- WHAT YOU HAVE TO DO:
Every record below needs to be set down exactly. Pictures do not belong in the copy.

- DATASET RECORDS:
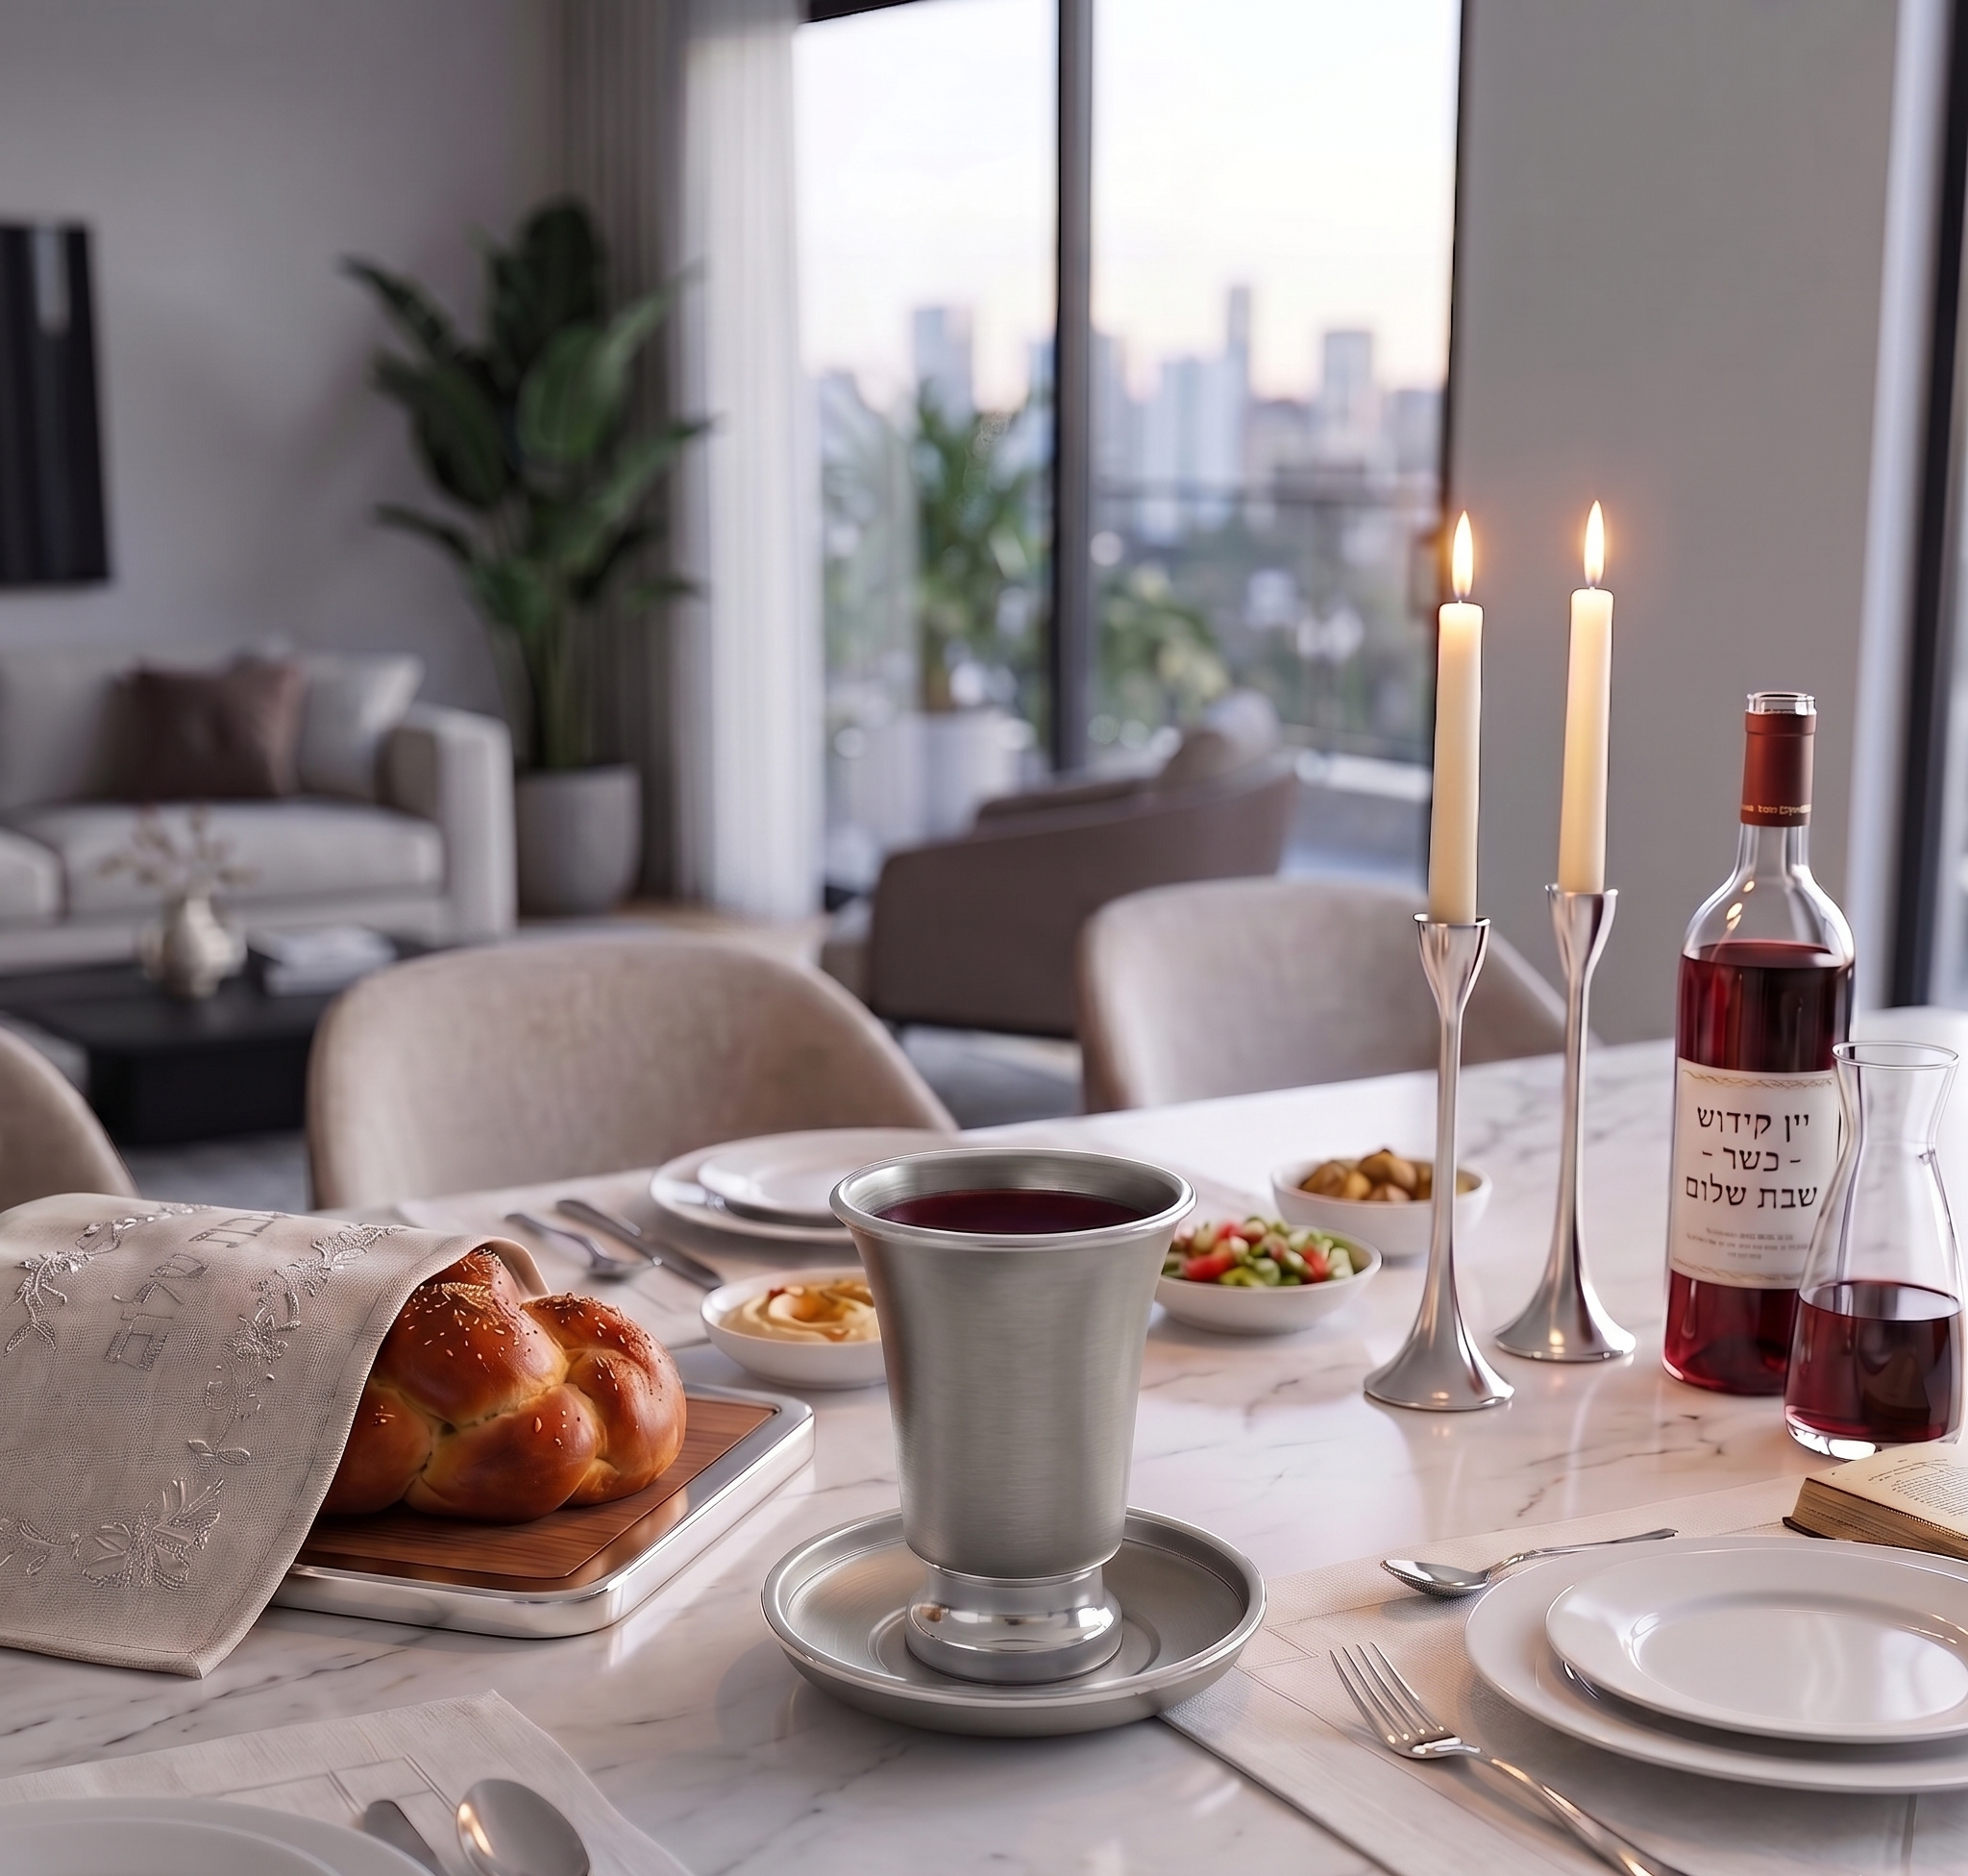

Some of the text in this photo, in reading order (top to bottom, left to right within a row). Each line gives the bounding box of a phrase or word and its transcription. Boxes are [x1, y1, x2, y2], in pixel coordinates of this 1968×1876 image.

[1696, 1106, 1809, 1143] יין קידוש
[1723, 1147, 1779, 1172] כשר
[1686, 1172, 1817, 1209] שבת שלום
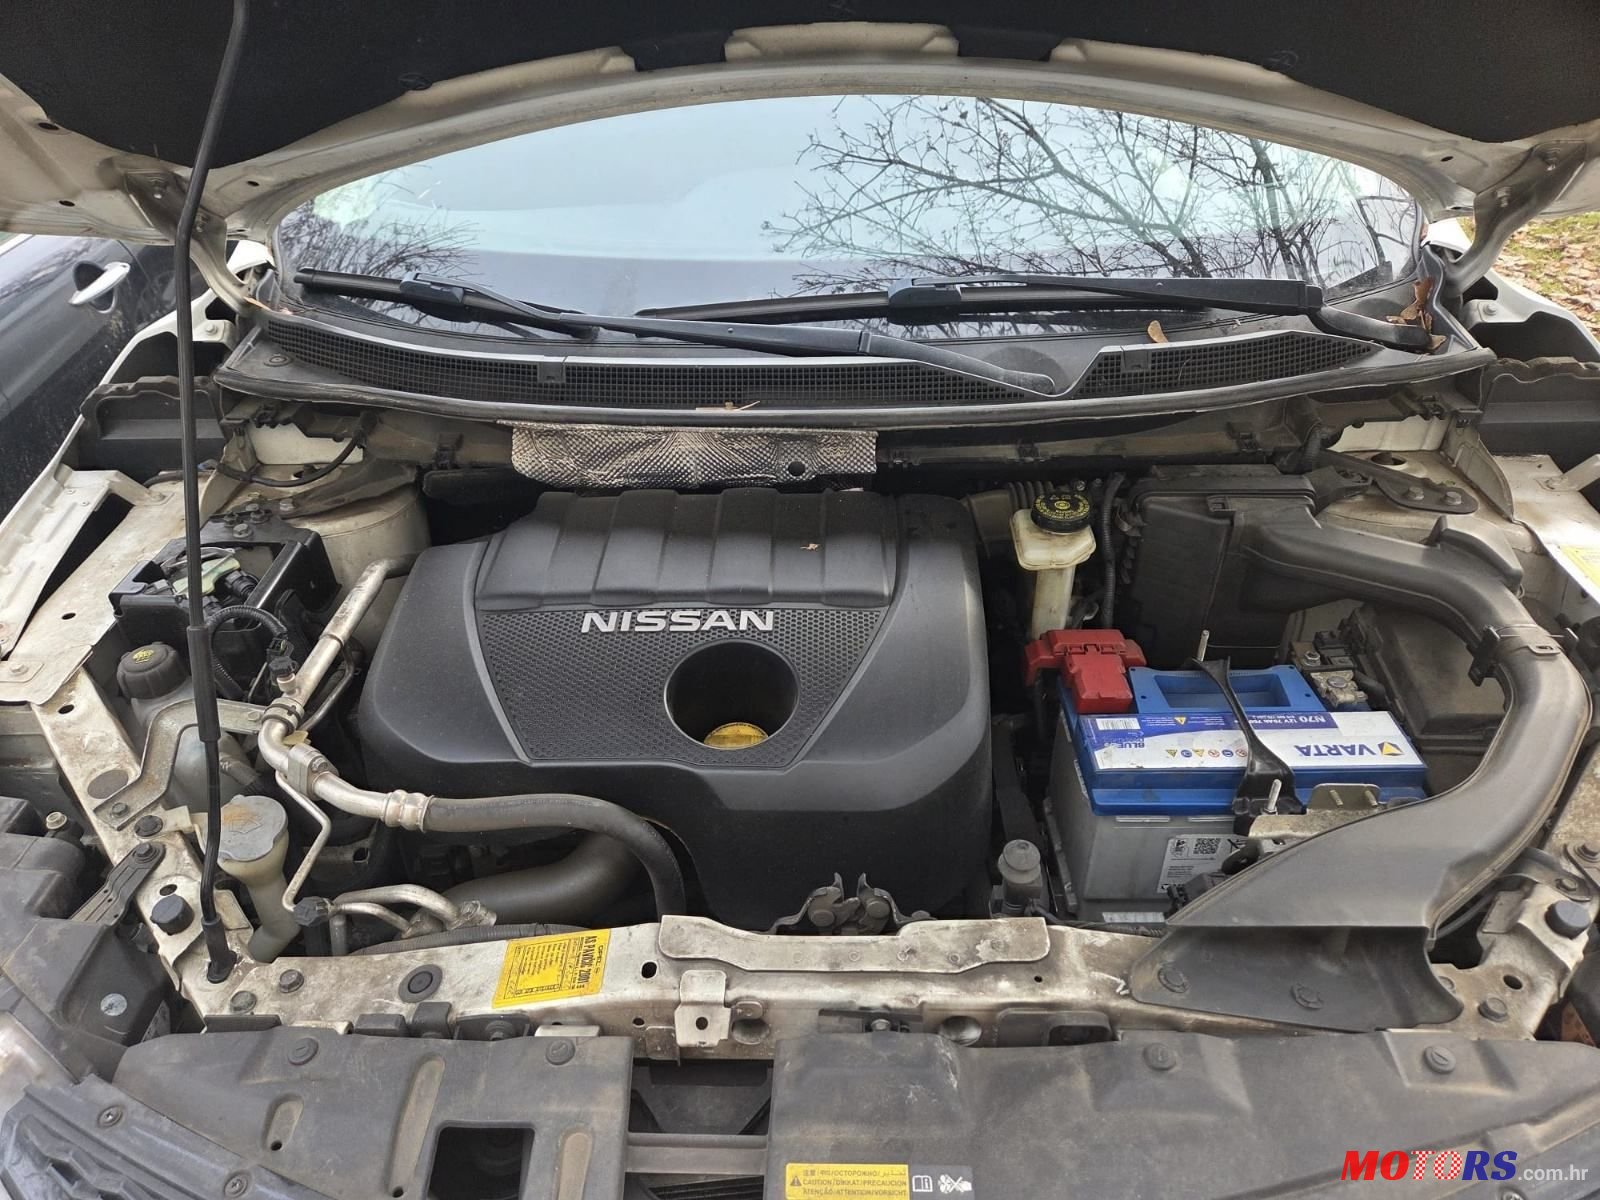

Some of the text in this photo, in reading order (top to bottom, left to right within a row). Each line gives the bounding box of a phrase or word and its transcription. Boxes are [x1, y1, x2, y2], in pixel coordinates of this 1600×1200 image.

- ANSWER FOR THE TASK:
Some of the text in this photo, in reading order (top to bottom, left to right within a row). Each line gives the bounding box of a phrase or word and its transcription. Boxes are [x1, y1, x2, y2], in pixel coordinates of this 1968×1876 image.

[1696, 1106, 1809, 1143] יין קידוש
[1723, 1147, 1779, 1172] כשר
[1686, 1172, 1817, 1209] שבת שלום

Some of the text in this photo, in reading order (top to bottom, left to right within a row). Each line gives the bounding box of a phrase or word and its transcription. Boxes are [x1, y1, x2, y2], in pixel coordinates of this 1600×1200 image.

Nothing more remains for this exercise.